Whether attributable to the Munich School, or as some critics have suggested, to the American Pre-Raphaelite movement of the 1860s and 1870s, there is a marked change in Ream’s style which seems to have occurred during the 1880s.29 The hard-edged and elaborately composed compositions of the 1870s give way to softer contours, less directly artificial arrangements, and a stronger emphasis on light effects. Ream’s best-known painting, Just Gathered (c.1895, Art Institute of Chicago), is a prime example of the shift in the artist’s oeuvre. Unlike A Regal Dessert, Just Gathered takes a seemingly more naturalistic approach to the subject. The canvas depicts several handfuls of purple plums, scattered on a bed of green grass. A ray of sunlight falls from the upper right, illuminating the fruit and emphasizing its tactile qualities. While not as vigorous and freely painted as most Munich-inspired work, Just Gathered may reflect Ream’s European experience in its less tightly-organized composition.

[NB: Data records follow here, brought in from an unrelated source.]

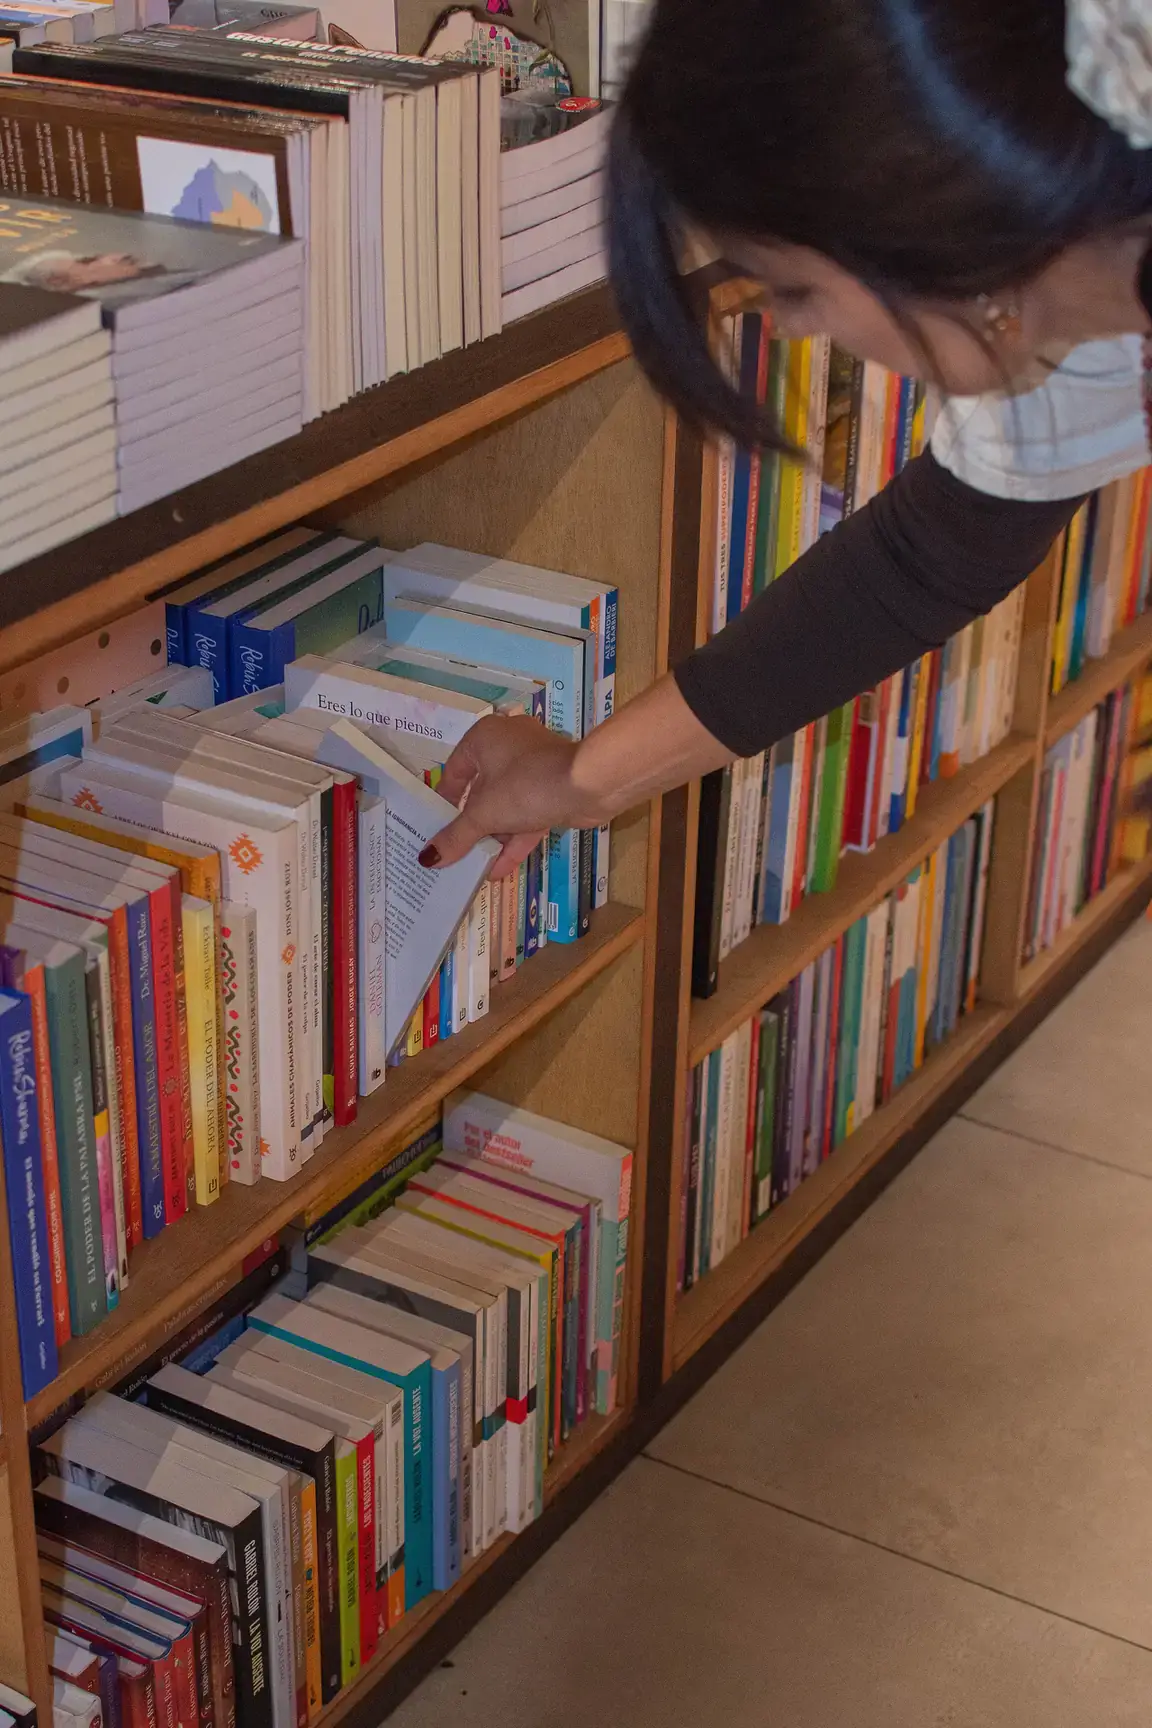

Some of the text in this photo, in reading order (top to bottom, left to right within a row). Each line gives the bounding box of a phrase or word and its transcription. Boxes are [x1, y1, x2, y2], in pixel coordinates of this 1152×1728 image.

[317, 693, 443, 740] Eres lo que piensas
[137, 911, 149, 978] Miguel Ruiz
[477, 917, 485, 930] lo
[477, 931, 485, 957] Eres
[203, 925, 212, 991] Eckhart Tolle
[287, 1006, 293, 1019] DE
[285, 1020, 295, 1082] CHAMÁNICOS
[143, 1021, 161, 1181] LA MAESTRÍA DEL AMOR
[204, 1019, 216, 1154] EL PODER DEL AHORA
[74, 1106, 89, 1168] PALABRA
[484, 1128, 491, 1140] el
[79, 1168, 91, 1191] LA
[28, 1208, 36, 1228] que
[80, 1193, 92, 1213] DE
[82, 1217, 96, 1262] PODER
[86, 1264, 97, 1283] EL
[412, 1385, 421, 1425] AUSENTE
[412, 1442, 421, 1456] LA
[244, 1540, 261, 1617] GABRIEL ROLÓN
[220, 1581, 232, 1667] RHONDA BYRNE
[199, 1630, 210, 1697] RHONDA BYRNE
[249, 1617, 265, 1697] LA VOZ AUSENTE
[163, 1670, 172, 1702] BYRNE
[186, 1647, 196, 1719] RHONDA BYRNE

At the same time, the attention given by the artist to the idiosyncratic qualities of each individual piece of fruit recalls the Ruskinian desiderata of the American Pre-Raphaelites. Translating the artistic philosophy of the British art reformer John Ruskin, American artists such as John Henry Hill (1839-1932) and William Trost Richards (1833-1905) created paintings which reveal an intense focus on the observed details of natural objects in their original states. Flowing out of an idealistic search for truth which may also have stemmed from the disillusionment of civil war, American Pre-Raphaelitism was a short-lived phenomenon.30 Just Gathered, with its natural setting and apparent fidelity to the subject, shows Ream’s own concern for issues of truth and beauty as it had developed and changed during the 1880s.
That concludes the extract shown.